Van Shaack Holdings Ltd. v. Van Schaack

867 P.2d 892, 18 Brief Times Rptr. 197, 1994 Colo. LEXIS 114, 1994 WL 24077
CourtSupreme Court of Colorado
DecidedJanuary 31, 1994
Docket93SC92
StatusPublished
Cited by31 cases

This text of 867 P.2d 892 (Van Shaack Holdings Ltd. v. Van Schaack) is published on Counsel Stack Legal Research, covering Supreme Court of Colorado primary law. Counsel Stack provides free access to over 12 million legal documents including statutes, case law, regulations, and constitutions.

Bluebook
Van Shaack Holdings Ltd. v. Van Schaack, 867 P.2d 892, 18 Brief Times Rptr. 197, 1994 Colo. LEXIS 114, 1994 WL 24077 (Colo. 1994).

Opinion

Chief Justice ROVIRA

delivered the Opinion of the Court.

We granted certiorari to review the court of appeals decision in Van Schaack v. Van Schaack Holdings, Ltd., 856 P.2d 15 (Colo.App.1992), which held that the “special facts” doctrine sets forth the applicable fiduciary duty owed by the officers and directors of a *894 closed corporation when purchasing the stock of a minority shareholder, and that such duty requires the disclosure of material information bearing on the value of the stock if it is unknown to the selling shareholder.
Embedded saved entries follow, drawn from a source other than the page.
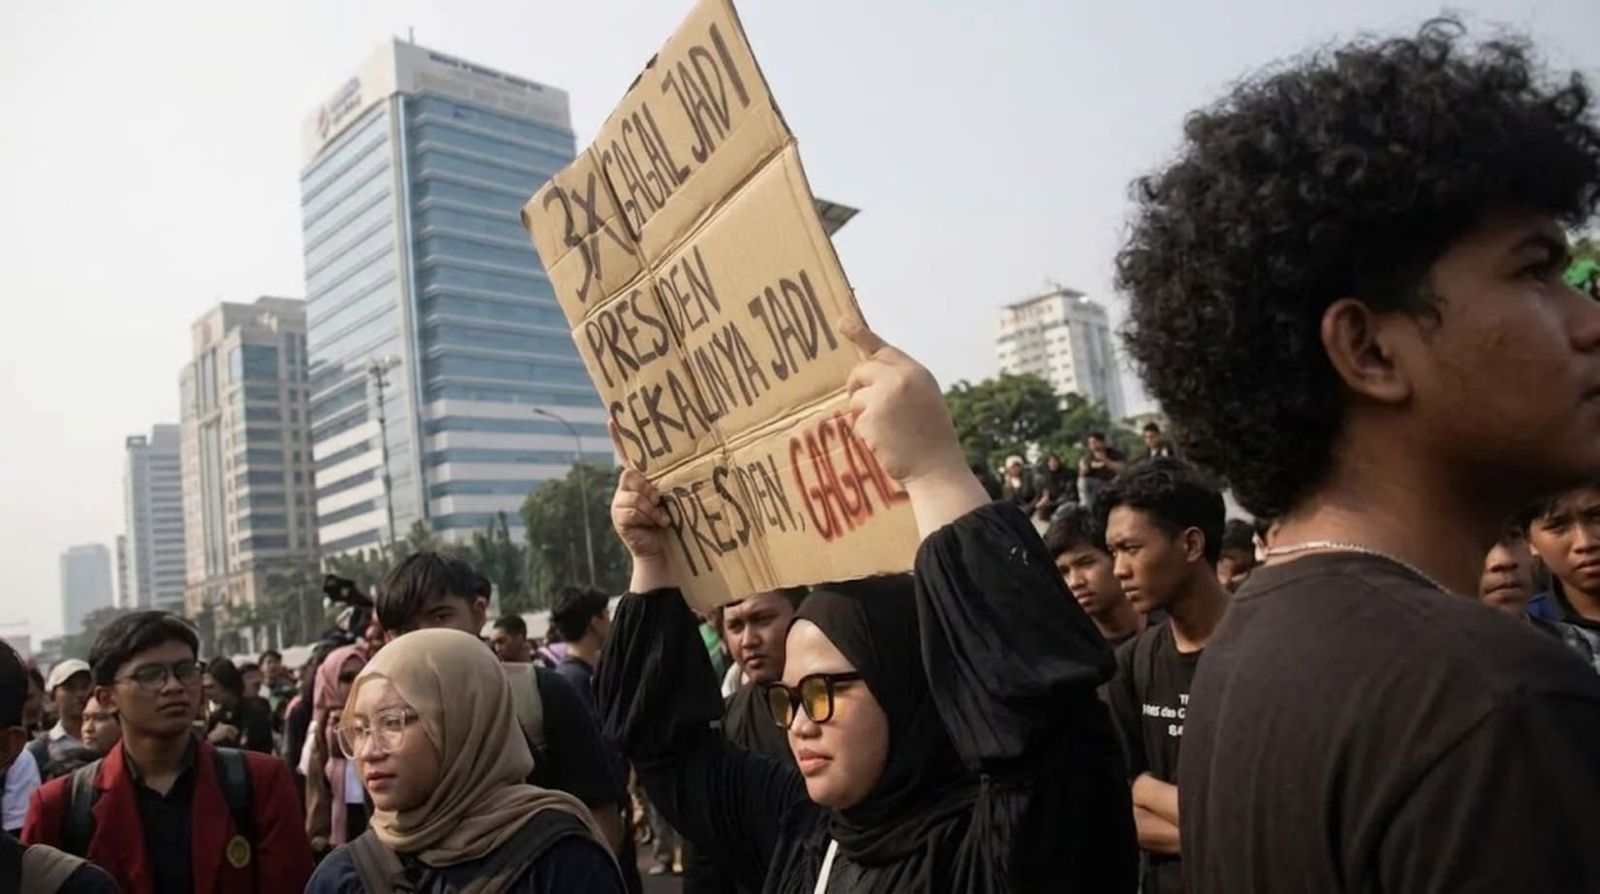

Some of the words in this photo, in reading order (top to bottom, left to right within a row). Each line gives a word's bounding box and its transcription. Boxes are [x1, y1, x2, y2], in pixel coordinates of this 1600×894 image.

[543, 173, 636, 302] 3X
[602, 103, 690, 242] GAGAL
[661, 22, 750, 163] JADI
[586, 246, 721, 388] PRESIDEN
[610, 322, 770, 473] SEKALINYA
[748, 269, 838, 381] JADI
[789, 411, 911, 543] GAGAL
We affirm.

I

In the late 1930’s, H.C. Van Schaack, Sr. became the owner of one-half the stock of a closely held corporation known as Box Elder Farms Co., that owned approximately 29,000 acres of farm land to the north and northeast of the Rocky Mountain Arsenal (the Box Elder land) as its principal asset. In 1951, his interest was transferred to Van Schaack Corporation (VSC), 1 which had been established to provide for his family, their descendants and spouses, and certain business associates.

In 1956, Beth Ellen Van Schaack (Van Schaack), married Henry C. Van Schaack, Jr., a vice-president of VSC, who eventually became the owner of 750 of VSC’s 4,750 outstanding shares. During their marriage, all VSC information, including financial statements, shareholder letters, meeting notices, and the like, was sent to Van Schaack’s husband. Following her husband’s death in March 1974, the 750 shares of VSC stock became her property.

After her husband’s death, Van Schaack was not included on VSC’s board although, with a 16% interest, she was the corporation’s largest individual shareholder. She was informed of VSC’s activities through an annual shareholder letter which included VSC’s audited financial statements.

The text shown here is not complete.